Janko Vučinić (Јанко Вучинић; 13 May 1966 – 25 October 2019) was a Montenegrin professional boxer, union leader and politician, member of the Parliament of Montenegro. He was the president of the Workers' Party (RP), a constituent member of the opposition political alliance Democratic Front parliamentary club in the Parliament of Montenegro.

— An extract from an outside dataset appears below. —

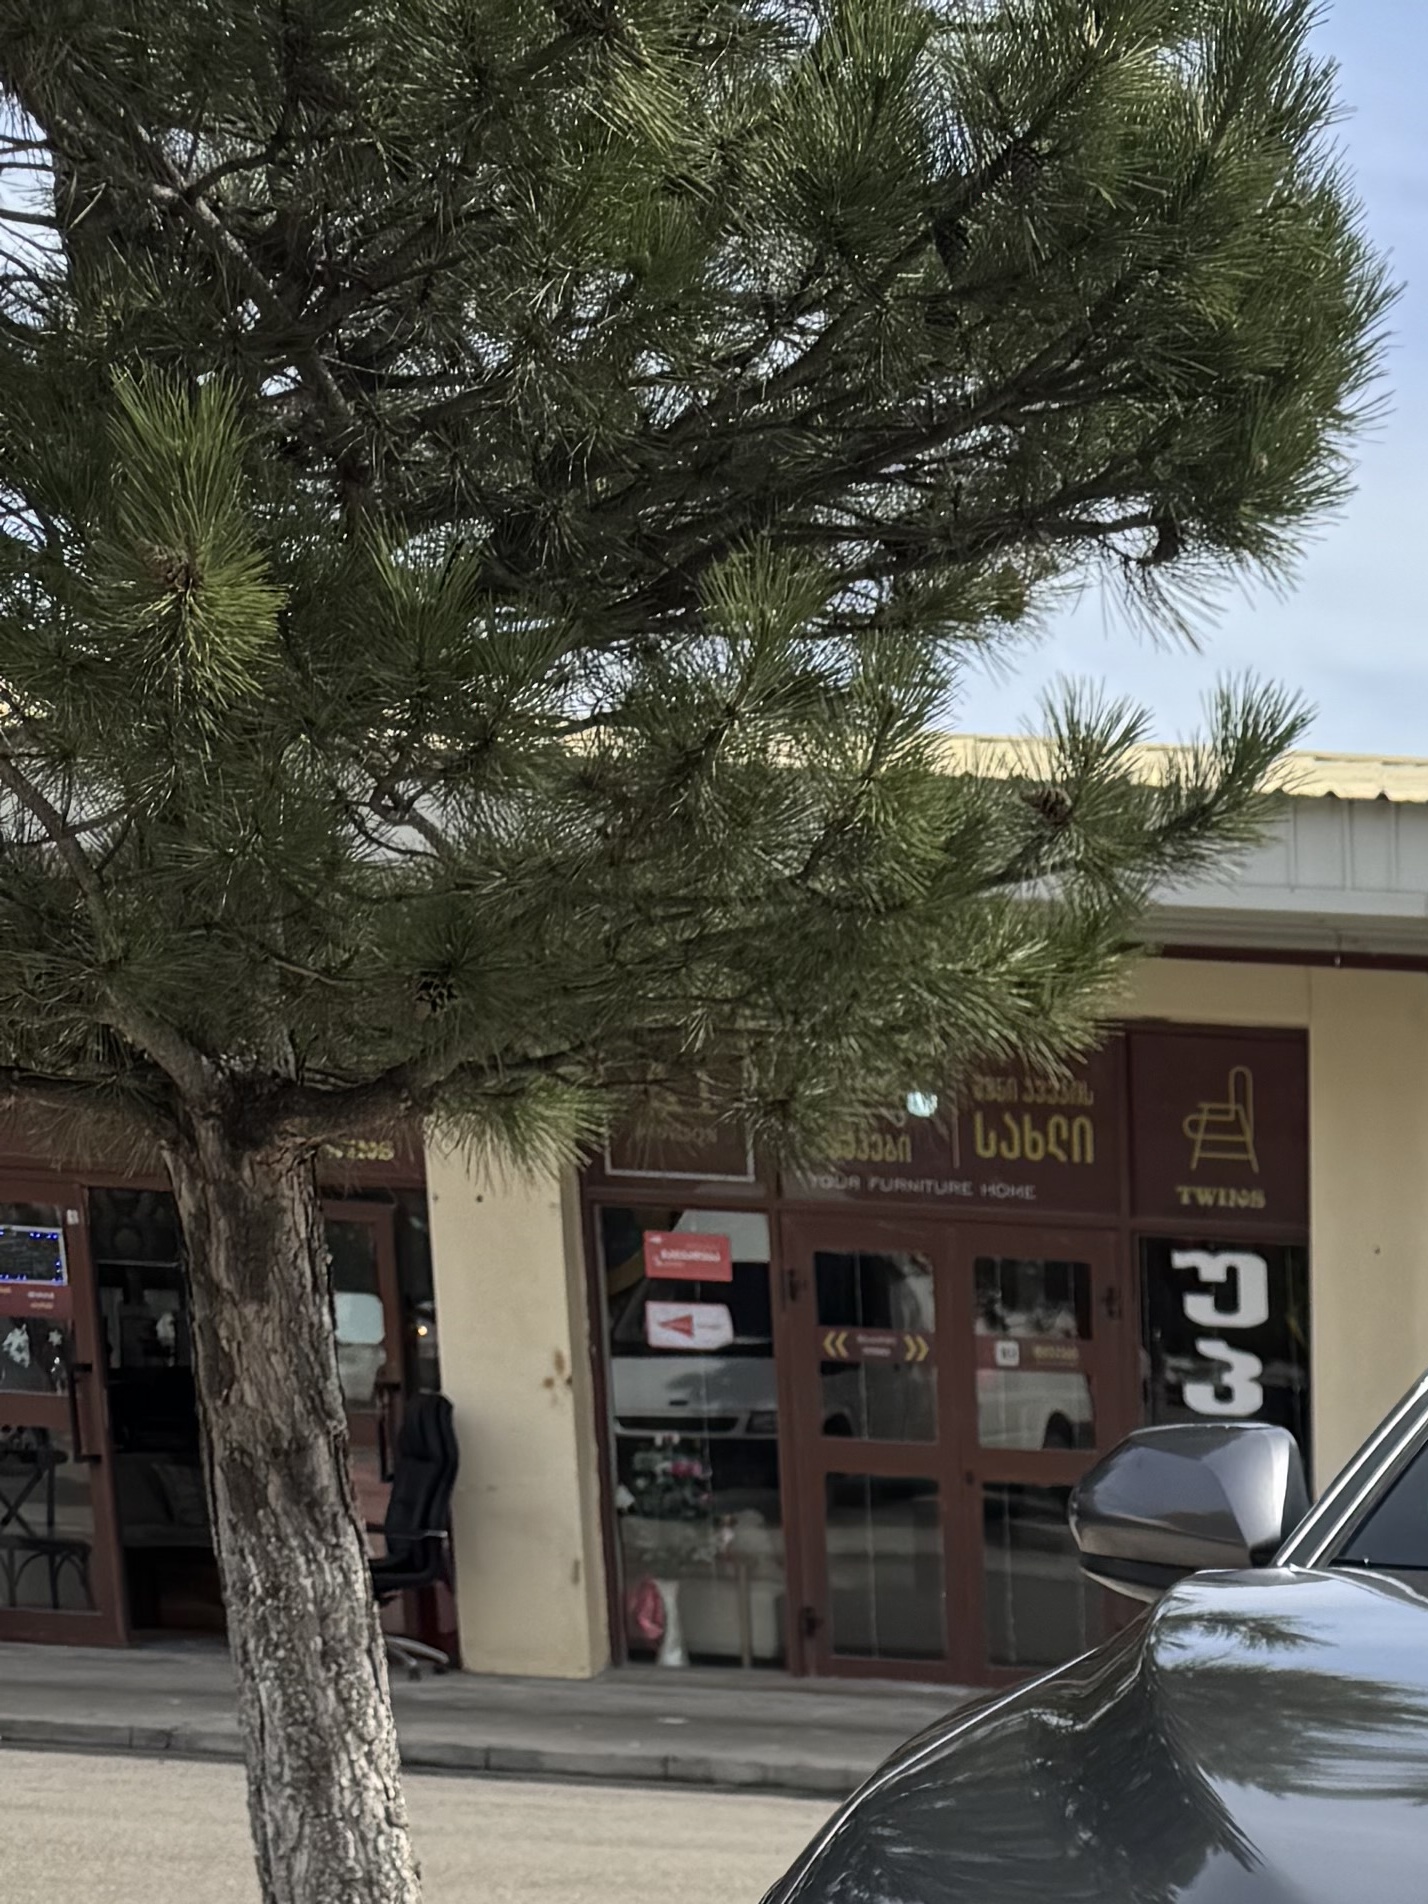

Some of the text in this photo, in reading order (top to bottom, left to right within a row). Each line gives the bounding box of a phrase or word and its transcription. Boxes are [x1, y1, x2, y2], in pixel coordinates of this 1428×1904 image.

== Early life and career. ==
Janko Vučinić was born in 1966 in Nikšić, Socialist Republic of Montenegro, Socialist Federal Republic of Yugoslavia. He graduated at the Metallurgic-Technical Faculty at the Veljko Vlahović University in Titograd in 1991. After finishing his studies, he worked in Željezara in Nikšić. He was the President of the Union Organization of Željezara from 2004.

==Political life==
From 2008 to his political engagement in the Democratic Front he was the President of the Central Committee of the Union of Free Trade Unions of Montenegro. Until entering the Democratic Front electoral list in 2012, he was not a member of any political party. On 3 March 2015 Vučinić announced the formation of a new left-wing Workers' Party. Since its foundation, RP is a constituent member of the opposition Democratic Front (DF) alliance. In March 2019, the Workers' Party left the coalition with Democratic Front. After his death in October 2019, his son Maksim, succeeded him as the president of the party.